| Work instruction |
Exact wording is required: give all the records again, minus the pictures.

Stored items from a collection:
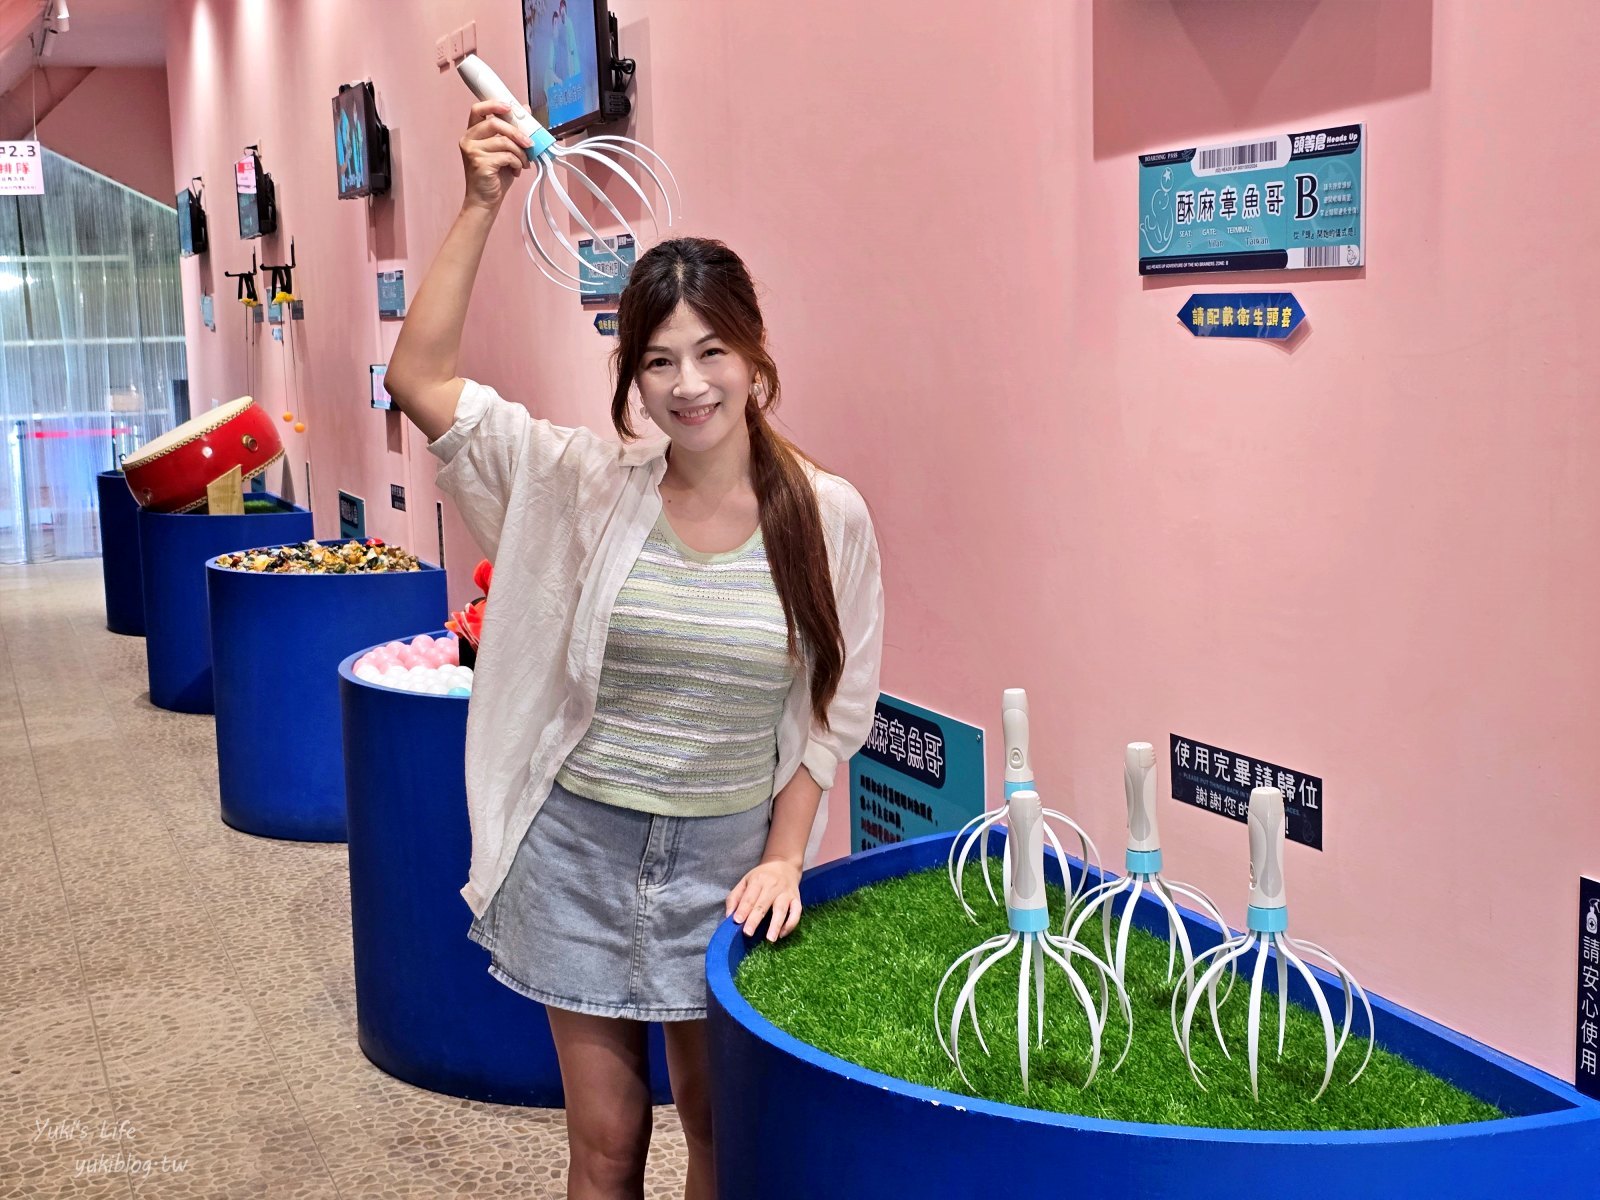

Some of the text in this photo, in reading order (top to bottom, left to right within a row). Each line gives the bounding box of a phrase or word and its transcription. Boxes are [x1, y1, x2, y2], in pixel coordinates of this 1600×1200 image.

[1293, 133, 1327, 154] 頭等倉
[1326, 134, 1347, 144] Heads
[1348, 132, 1358, 142] Up
[1177, 183, 1284, 223] 酥麻章魚哥
[1294, 173, 1320, 220] B
[1245, 237, 1269, 247] Taiwan
[1175, 739, 1319, 810] 使用完畢請歸位
[1580, 936, 1600, 1075] 請安心使用
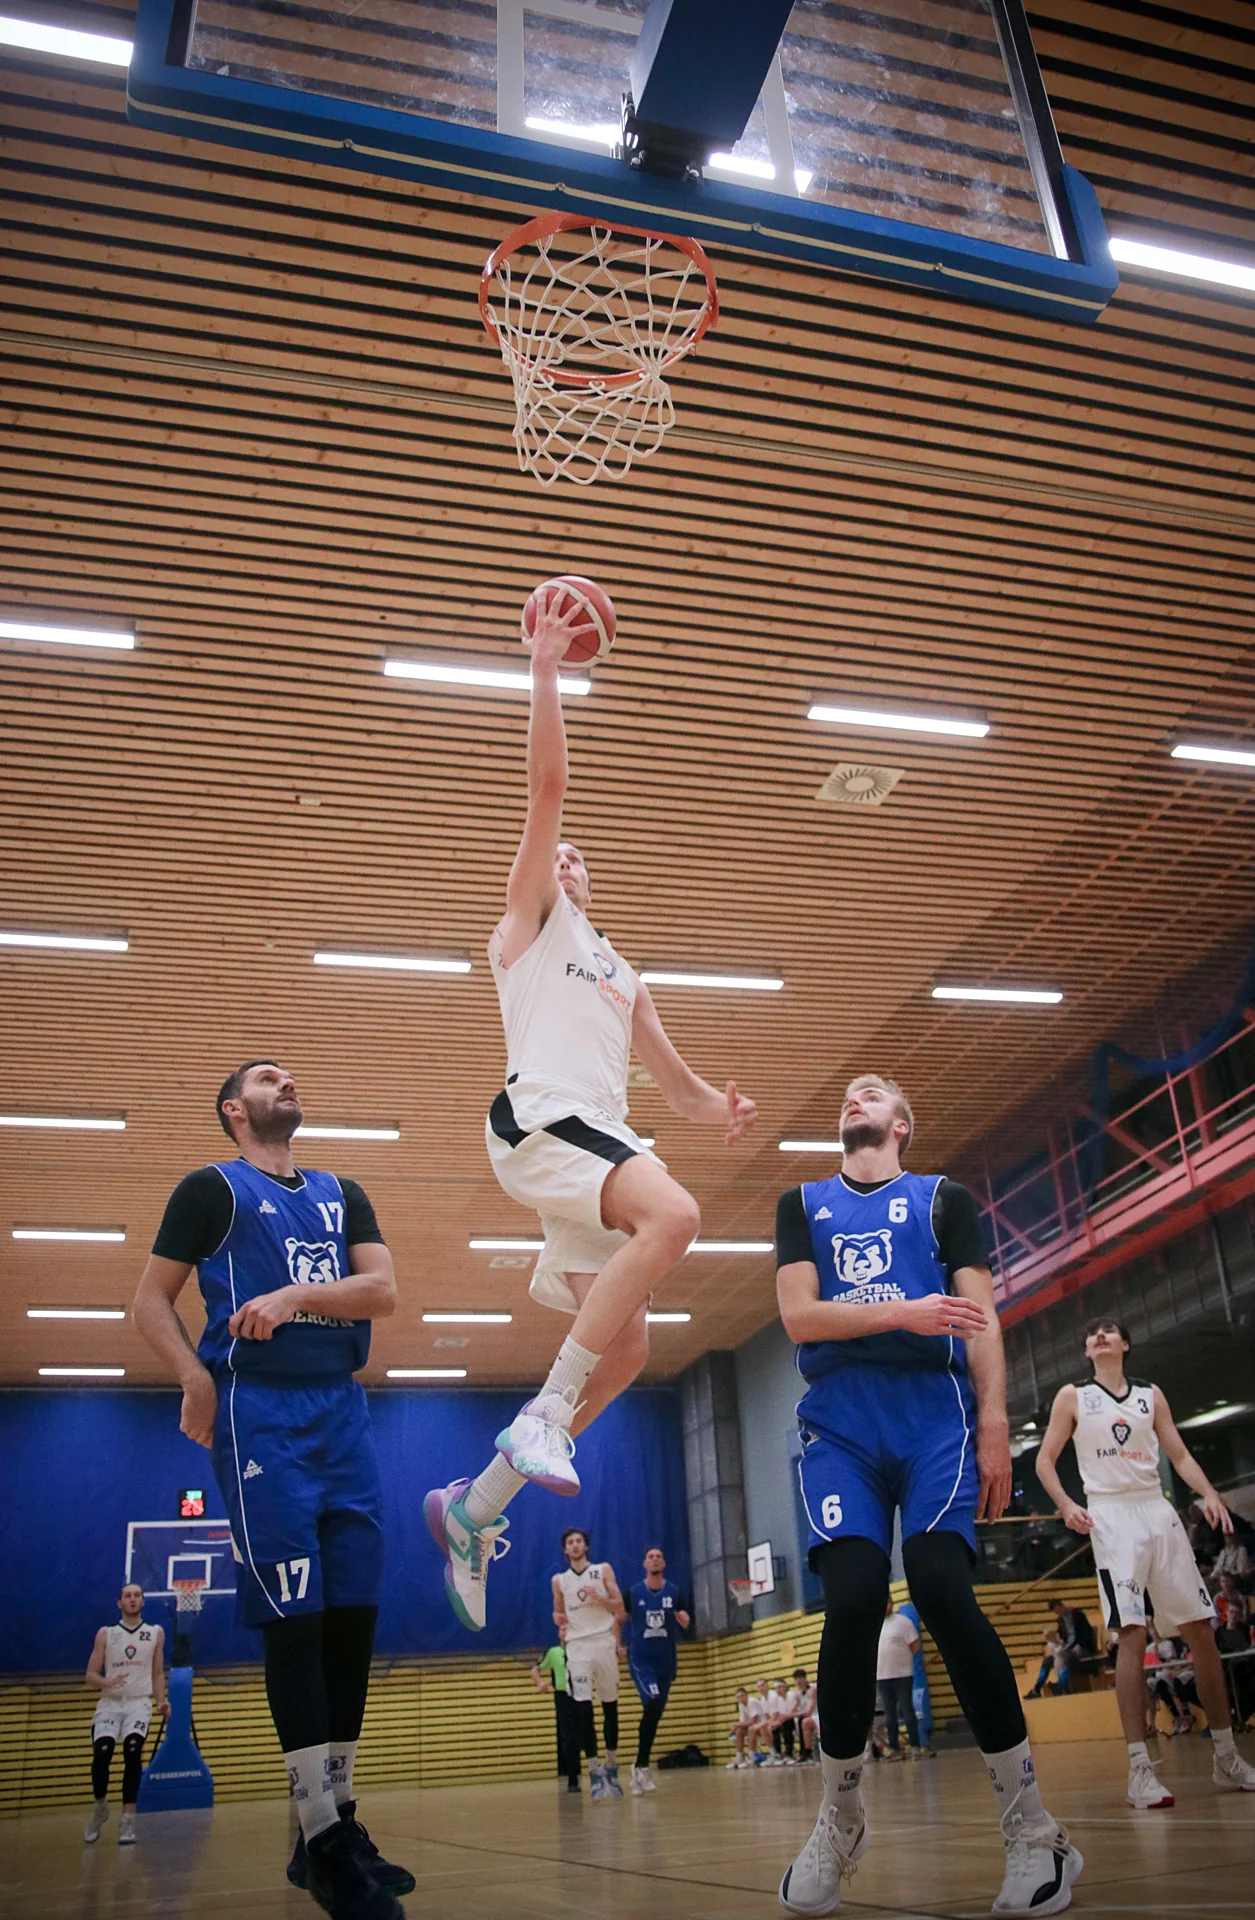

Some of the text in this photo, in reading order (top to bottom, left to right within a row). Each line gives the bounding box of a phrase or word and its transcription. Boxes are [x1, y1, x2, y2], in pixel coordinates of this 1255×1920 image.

[566, 963, 632, 1011] FAIR SPORT
[317, 1201, 344, 1234] 17
[888, 1197, 908, 1223] 6
[832, 1283, 902, 1303] BASKETBAL
[1137, 1398, 1149, 1414] 3
[1096, 1448, 1118, 1459] FAIR
[821, 1494, 843, 1529] 6
[276, 1557, 310, 1603] 17
[589, 1570, 601, 1580] 12
[1199, 1587, 1211, 1607] 3
[139, 1631, 152, 1641] 22
[133, 1720, 146, 1732] 22
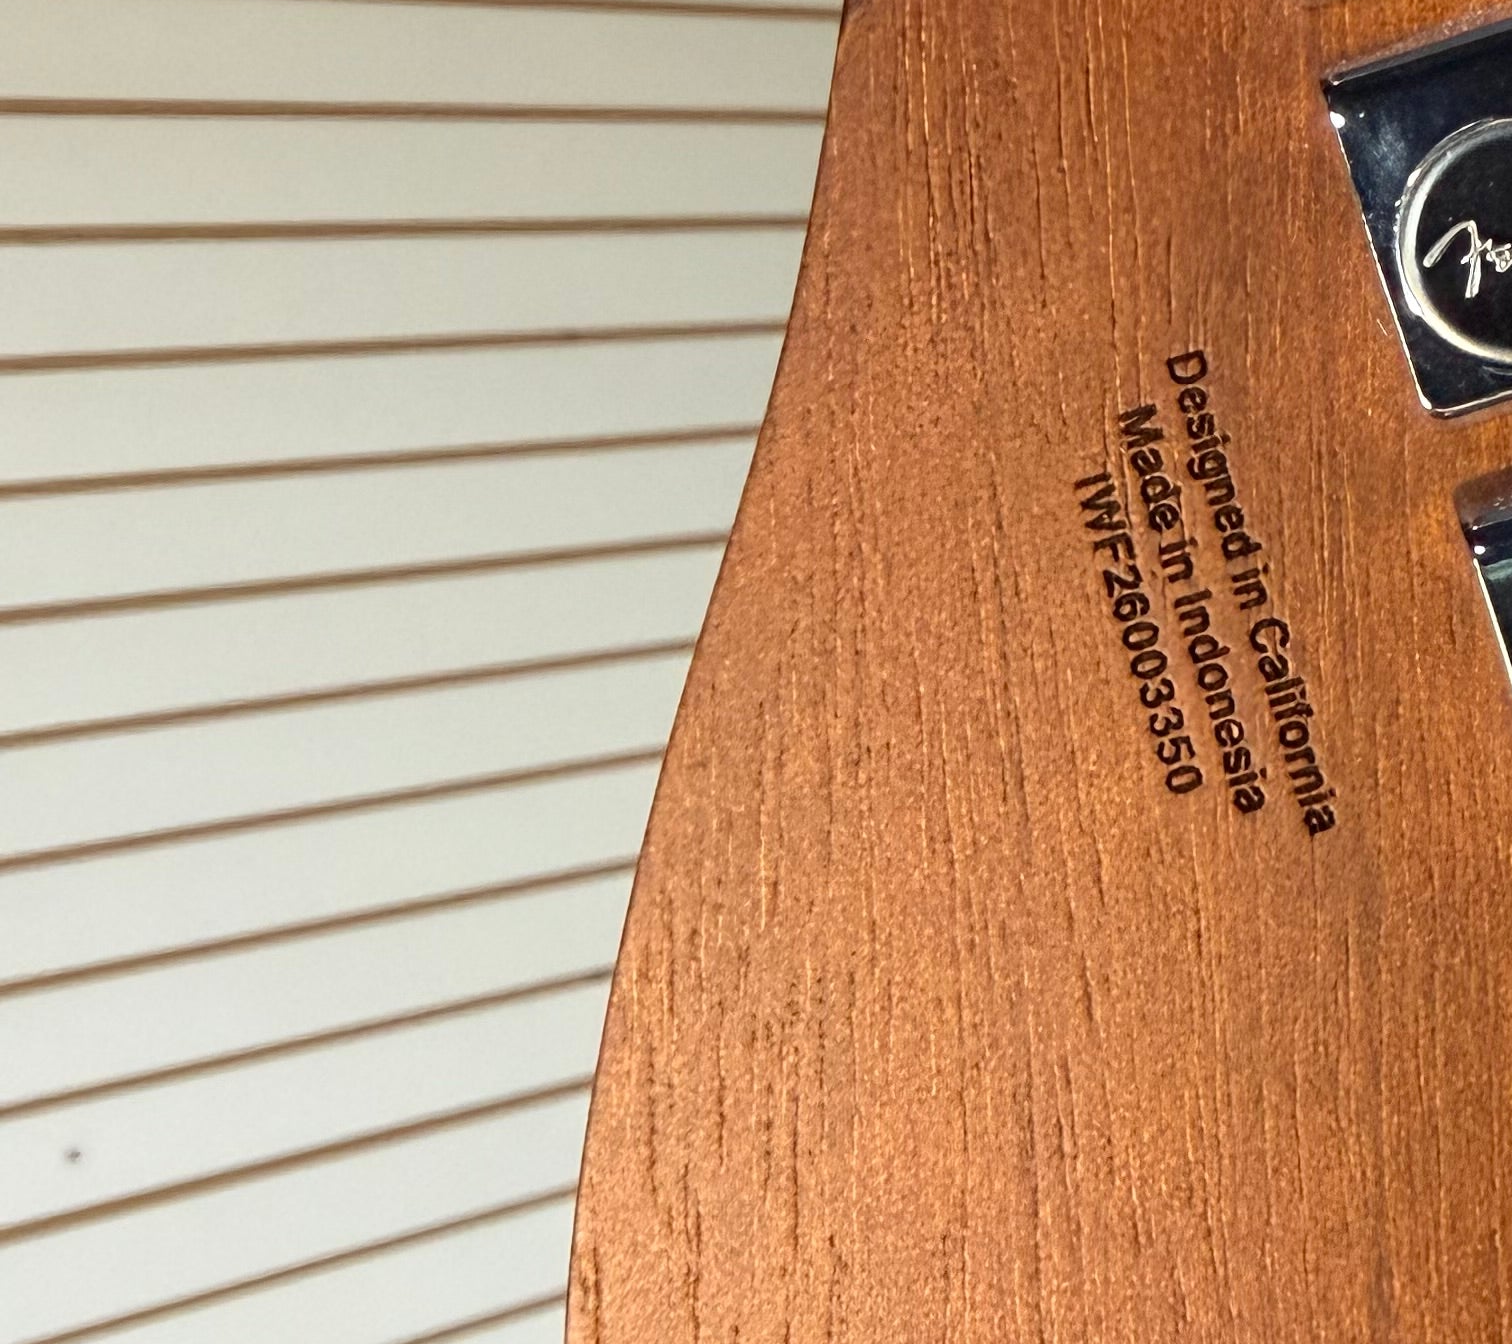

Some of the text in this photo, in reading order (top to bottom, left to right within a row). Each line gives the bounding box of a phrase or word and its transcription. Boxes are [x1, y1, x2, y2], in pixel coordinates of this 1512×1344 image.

[1073, 471, 1202, 795] IWF26003350
[1117, 402, 1267, 815] Made in Indonesia
[1167, 350, 1337, 836] Designed in California
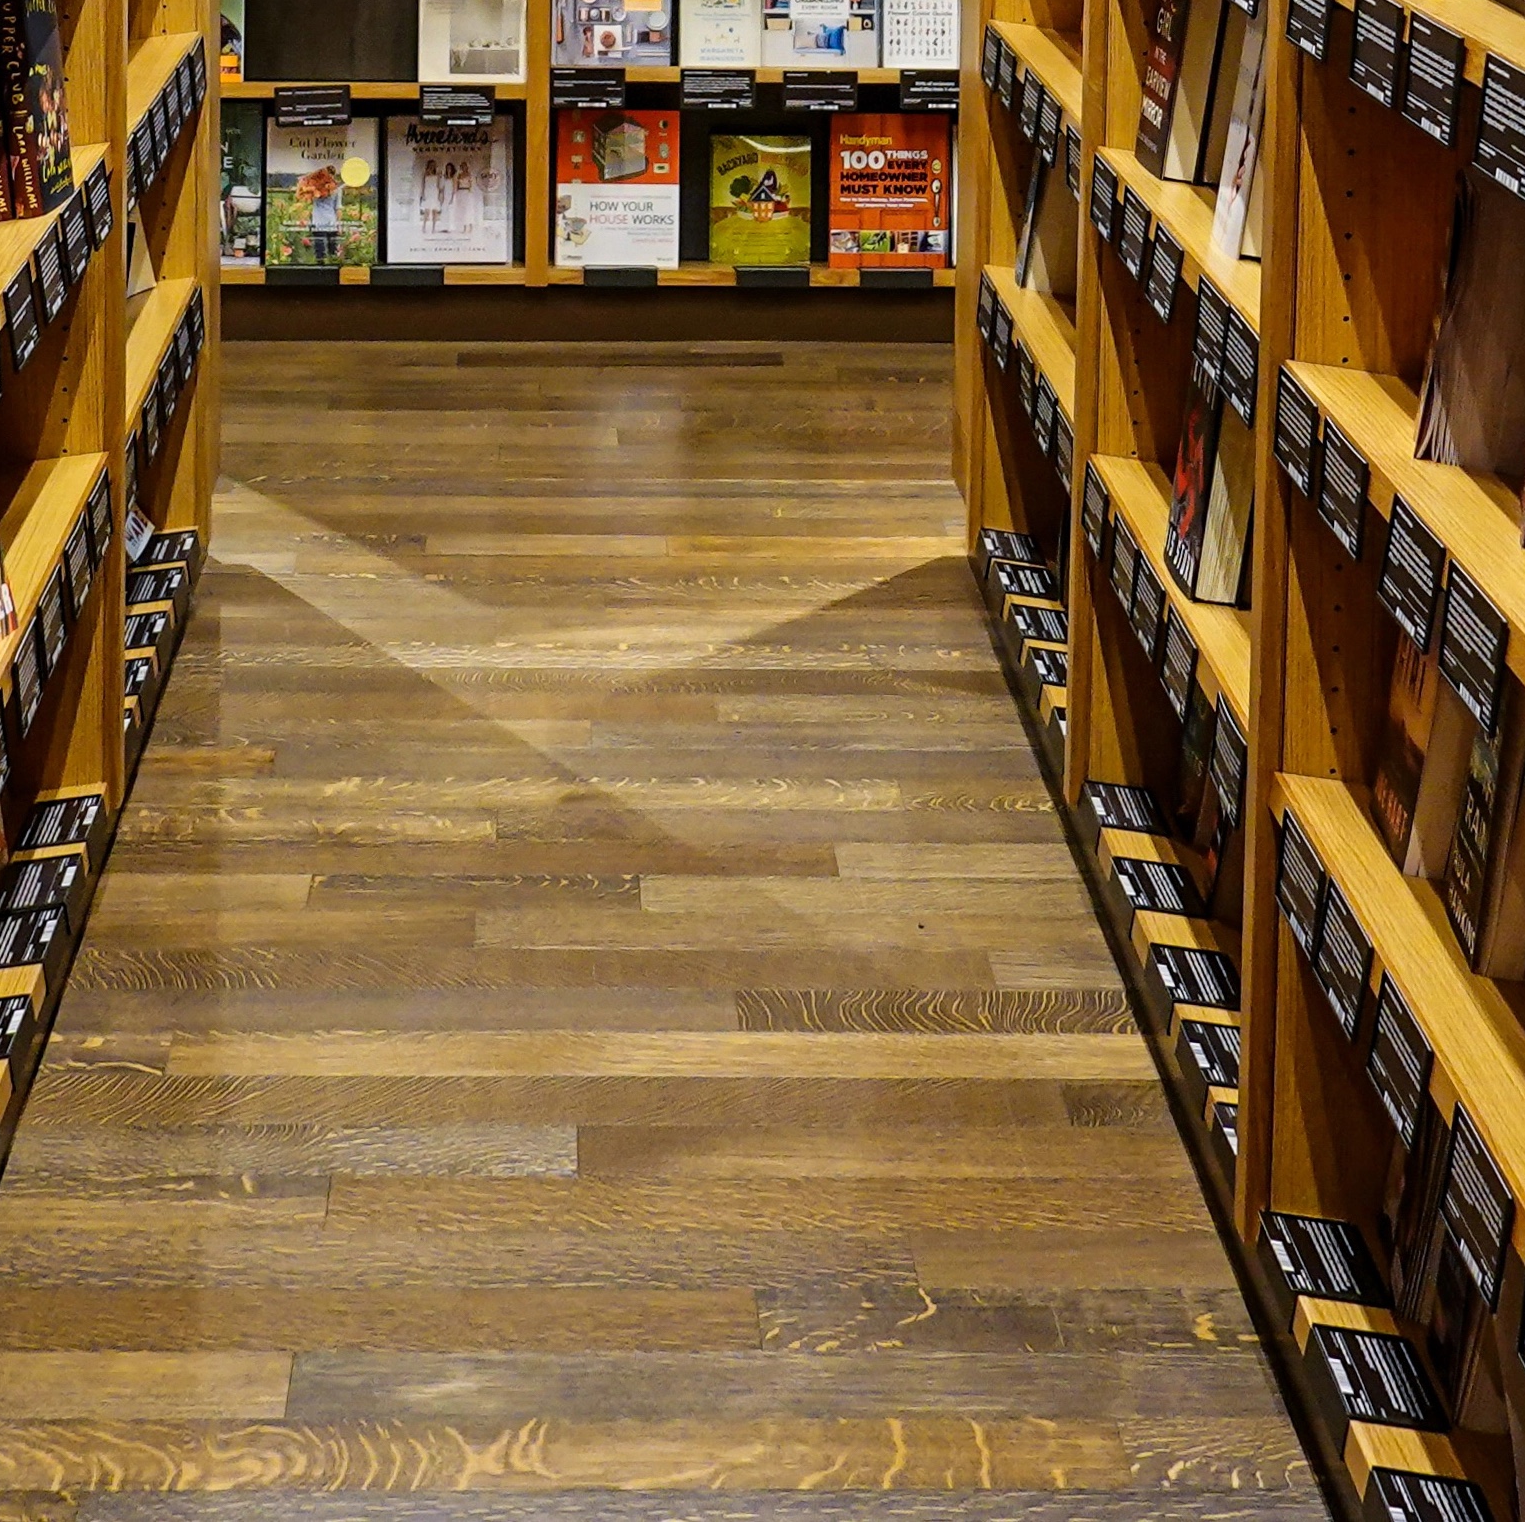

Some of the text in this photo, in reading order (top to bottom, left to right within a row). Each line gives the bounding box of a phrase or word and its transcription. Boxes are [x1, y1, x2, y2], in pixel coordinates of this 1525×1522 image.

| Result below |
Some of the text in this photo, in reading order (top to bottom, left to right within a row). Each line gives the bounding box of a phrase or word and its transcription. Boxes are [x1, y1, x2, y2], in pixel coordinates of this 1600×1200 image.

[1293, 133, 1327, 154] 頭等倉
[1326, 134, 1347, 144] Heads
[1348, 132, 1358, 142] Up
[1177, 183, 1284, 223] 酥麻章魚哥
[1294, 173, 1320, 220] B
[1245, 237, 1269, 247] Taiwan
[1175, 739, 1319, 810] 使用完畢請歸位
[1580, 936, 1600, 1075] 請安心使用

Some of the text in this photo, in reading order (top to bottom, left to right within a row). Each line gives the bounding box of a phrase or word and its transcription. Boxes are [x1, y1, x2, y2], in pixel coordinates of this 1255×1920 image.

[566, 963, 632, 1011] FAIR SPORT
[317, 1201, 344, 1234] 17
[888, 1197, 908, 1223] 6
[832, 1283, 902, 1303] BASKETBAL
[1137, 1398, 1149, 1414] 3
[1096, 1448, 1118, 1459] FAIR
[821, 1494, 843, 1529] 6
[276, 1557, 310, 1603] 17
[589, 1570, 601, 1580] 12
[1199, 1587, 1211, 1607] 3
[139, 1631, 152, 1641] 22
[133, 1720, 146, 1732] 22

Some of the text in this photo, in reading order (top to bottom, left to right within a row). Each line gives the bounding box of a phrase or word and its transcription. Boxes are [x1, y1, x2, y2], in pixel coordinates of this 1512×1344 image.

[1073, 471, 1202, 795] IWF26003350
[1117, 402, 1267, 815] Made in Indonesia
[1167, 350, 1337, 836] Designed in California

Some of the text in this photo, in reading order (top to bottom, left to right within a row). Each line gives the bounding box of a phrase or word and its transcription. Boxes are [x1, y1, x2, y2], in pixel coordinates of this 1525×1522 image.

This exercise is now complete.